Overview Features Instructions Performance Forum Downloads Products Reseller Contact

Welcome to the Apollo Forum

This forum is for people interested in the APOLLO CPU.
Please read the forum usage manual.
VISIT APOLLO IRC CHANNEL



All TopicsNewsPerformanceGamesApolloVampireReleases
Performance and Benchmark Results!

OpenGL On Vampire Cardspage  1 2 3 4 5 

Norbert Kett
(Apollo Team Member)
Posts 36
10 Mar 2017 13:12


Hello :)

Few weeks ago i found the TinyGL lib on Aminet. I started to work with it. I reworked, and added many new features:
EXTERNAL LINK 
I would like to know if Vampire cards power enough for this OpenGL subset lib. My test subject is Quake 1. I using the GLQuake SDL (AROS) port from BSzili. After some improvement its working with TinyGL, (color blending is not implemented yet)

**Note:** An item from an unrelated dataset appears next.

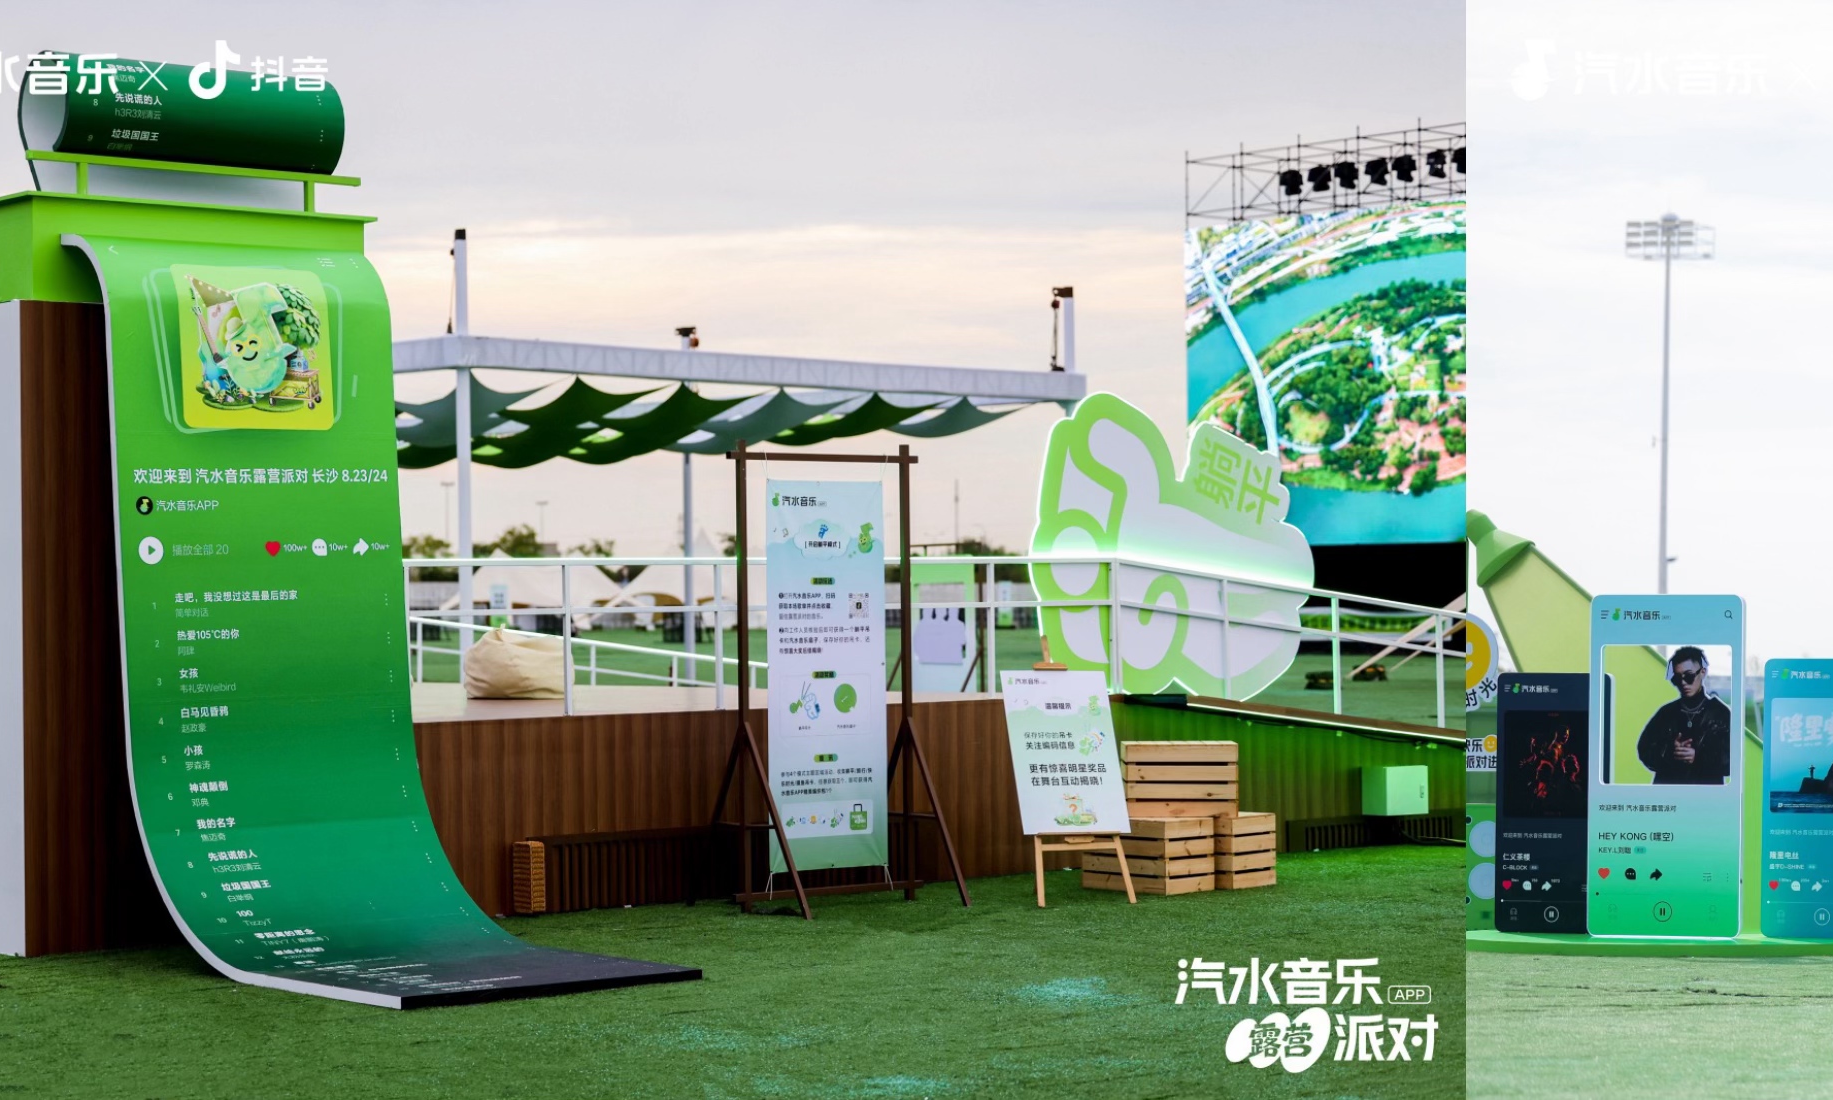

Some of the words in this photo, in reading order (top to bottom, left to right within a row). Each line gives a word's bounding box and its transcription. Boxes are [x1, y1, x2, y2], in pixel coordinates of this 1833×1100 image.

Since i'm 12000km far from my Amiga machines i can use only WinUAE now. So at first i would like to ask help to test this Quake build.
Is it work on Vampire cards? If yes, what is the result of the timedemo with demo1? If not too bad, i can start to optimize, and speedup the rendering. I hope Apollo core has some useful new asm instructions to make the rendering (and color blending) faster.
Steps to test this quake build:
- make sure you have SDL.library, RTG and AHI
- download the build from EXTERNAL LINK  - setup a 16bit wb screen
- set stack to 10000000 (10MB)
- execute launch from quake-tinygl folder.
- on the ingame console type: timedemo demo1
(full screen mode is not working for me in UAE)

Thanks ;)




Jan Vonka

Posts 37
10 Mar 2017 13:26


Wow, OpenGL would be so cool feature.

But isnt FPU mandatory for Quake?


Wawa T

Posts 400
10 Mar 2017 13:54


software rendering will be very very slow, unless you find some way to hardware accelerate this on particular hardware. perhaps ammx fuctions may be some help here. or something in form of a dedicate 3d core as was announced for natami.
   
    maybe its out of your scope, but ideally the backend should be abstracted from the library itself, providing a hardware drivers for apollo, voodoo3, cv3d, things like that.
   
    previously it has been usually handled by warp3d, that provided dedicated drivers for supported hardware or fallen back to software mode. warp3d has its limitation as it doesnt support a number of more advanced functions the cards it supports actually provide.
   
    alternatively there is open source wazp3d replacement, basically a software renderer, which though can use a backend wrapper. on winuae it wraps the warp3d calls directly to windosw side/api. on aros it wraps to gallium/mesa.
   
    i dont think tinygl provides such infrastructure out of the box. alterntively there is storm mesa, which as minigl sits upon warp or wazp3d, which may be a more flexible solution. the sources are on aminet. an improved version that has been worked on few years ago is here:
    EXTERNAL LINK   
    i think it would be good to consider some design decissions up front, in order not to make vampire 3d solutions an isolöated case. it wouldnt be beneficial if applications would have to be compiled exclusively for it, meaning generic amiga ports would not work and vice versa. also the hardware might change, and the binaries might become incompatible.
   
    i dont know how tinygl is being linked. is that an amiga shared lib? if so then it is less problematic. sorry for lengthy post and if you are aware of all this. good luck!


Michael Nurney

Posts 197
10 Mar 2017 15:19


I've just tried it and the Amiga reboots just as something happens in the window..
 
  Not sure if it's fpu related ...

Hang on I missed the stack setting


Michael Nurney

Posts 197
10 Mar 2017 15:40


I've just tried it and the Amiga reboots just as something happens in the window..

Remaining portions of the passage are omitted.